A Casa Betting, competindo com o “José Baixo”, “Empório do
Povo”, “Santa Clara” e “Empório do Loureiro”, fixava preços baixos, valendo mil
e quinhentos réis um par de sapatos couro fino, setecentos réis o quilo da
manteiga pura, trezentos réis o quilo da bolacha de leite ou maisena, sendo
quase de graça o quilo de fubá “mimoso” tão antigo como o próprio moinho.
A Casa Betting localizava-se numa esquina da Rua Mathias
Cardoso, confluência com a Rua Cel. Procópio de Carvalho, passagem obrigatória
para “Vila Pinto”. Tinha tão boa freguesia quanto que acima citei.
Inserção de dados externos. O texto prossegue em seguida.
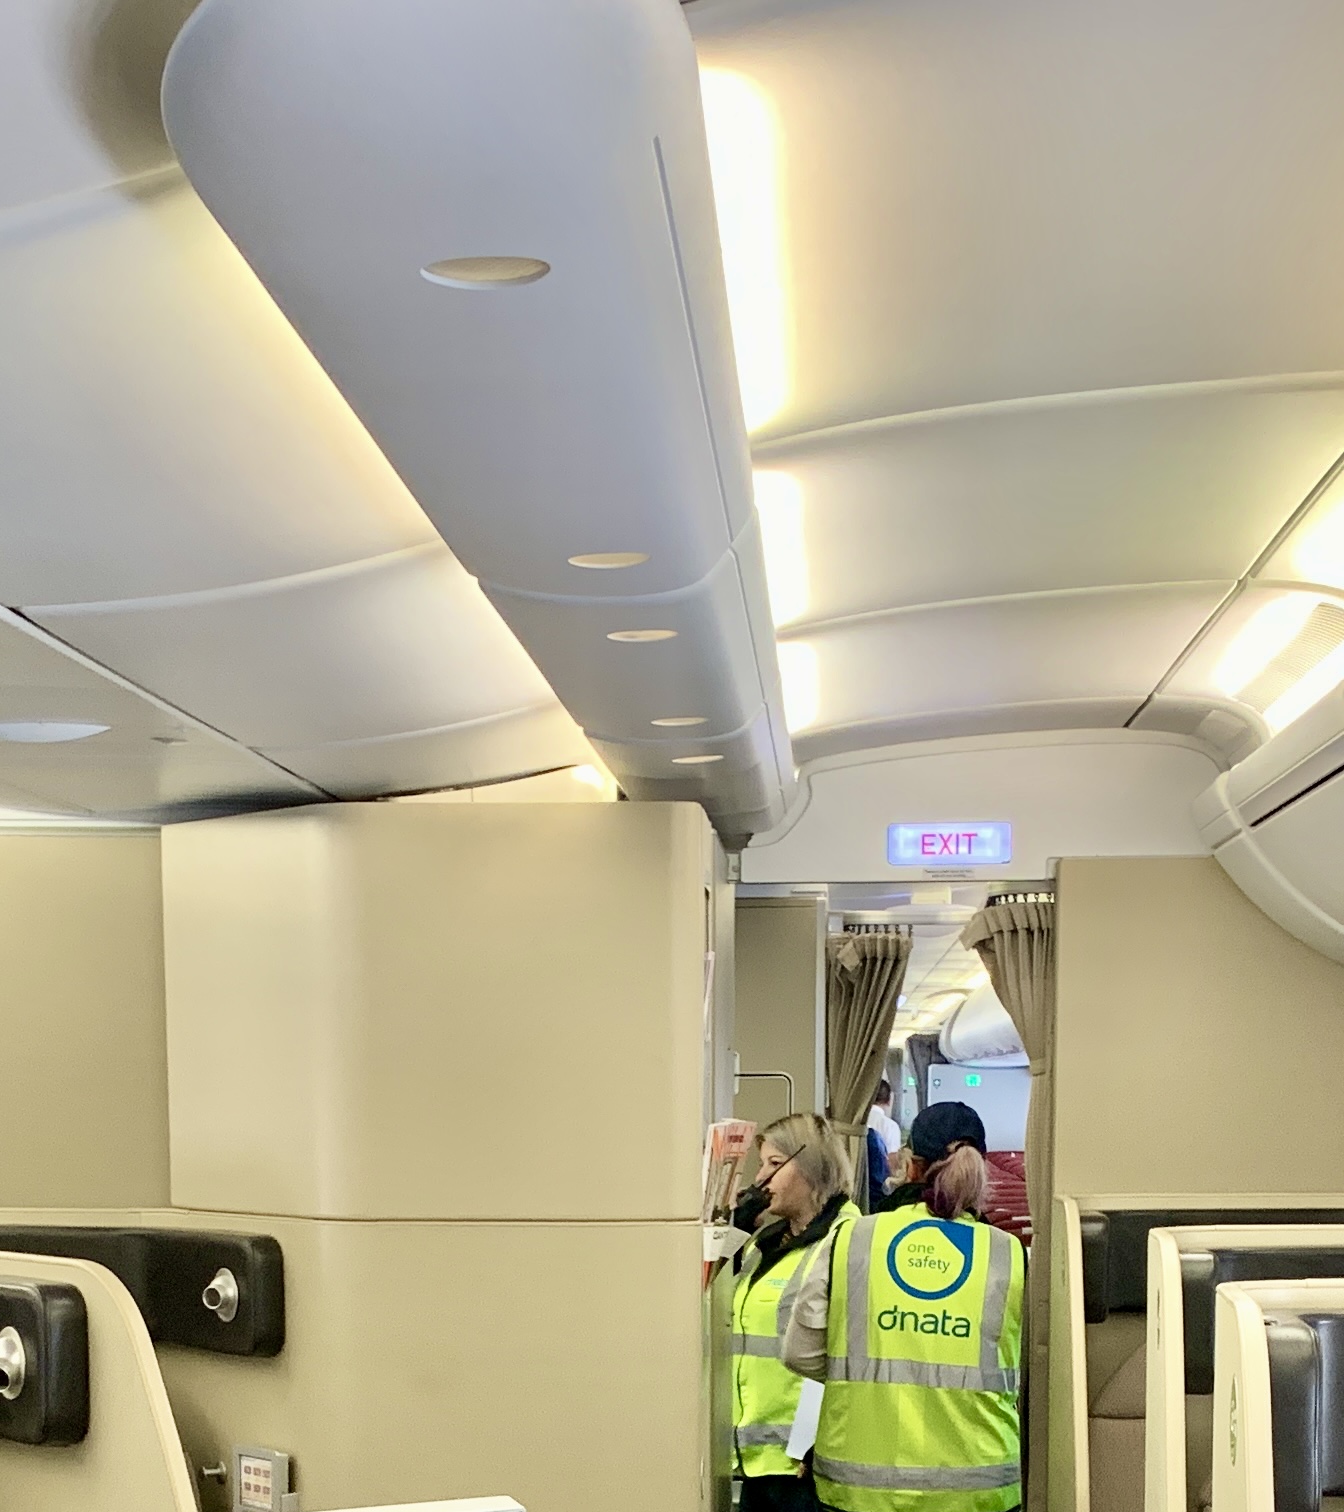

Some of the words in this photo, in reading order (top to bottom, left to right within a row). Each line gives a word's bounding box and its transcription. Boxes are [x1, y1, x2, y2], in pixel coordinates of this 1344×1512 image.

Era uma
mistura de fregueses sítio-cidade, que levavam o dinheiro na mão.
O proprietário, senhor Waldomiro Betting, em 1936 adquiriu de
Martins Ansem um lote de terras, medindo datas por inteiro, nele construindo o
armazém que se tornou tradicional.
Devido ao desabamento ocorrido durante uma madrugada em que
ninguém saiu ferido, seo Waldomiro antecipou o encerramento da firma, uma vez
que, já de certa idade, tinha intenções de “fechar as portas” e gozar o
restante de sua vida.
A frente da Casa Betting muitas vezes serviu de campo de
futebol da molecada, bem como para o “barra-bola”, “pique”, “passa-mel”,
“cachuleta” e “soldado e ladrão”, até às 21 horas, quando as mães chamavam seus
filhos para lavar os pés e dormir, pois o sineiro da estação já havia “batido
as horas”.
A importância paga por seo Waldomiro a seo Martins Ansem foi
de “onze contos de réis” pelo terreno.
A população encontrava de tudo na Casa Betting, desde ovos caipiras
até “armarinhos” e materiais de construção, a preços módicos.
Pedro Fabiano, Carlos Mourão e Arlindo Pimenta foram alguns
dos empregados daquela firma comercial, mas foi Carlos Mourão que teve juntado
a ela sua aposentadoria.
O filho do seo Waldomiro, David Betting, era que todos
estavam acostumados a ver servir ao balcão. Sempre atencioso e bom David sorria
quando seu pai, para agradar o comprador aplicava-lhe o clássico “tapinha” nas
costas.
Foram quase cinquenta anos de atividades junto ao comercio
varejista da cidade, atuando numa esquina de quarteirão pioneiro, em cujo muro
um dia deixei meu nome escrito a carvão...
Por essa e por outras é que lhe peço a benção, meu irmão.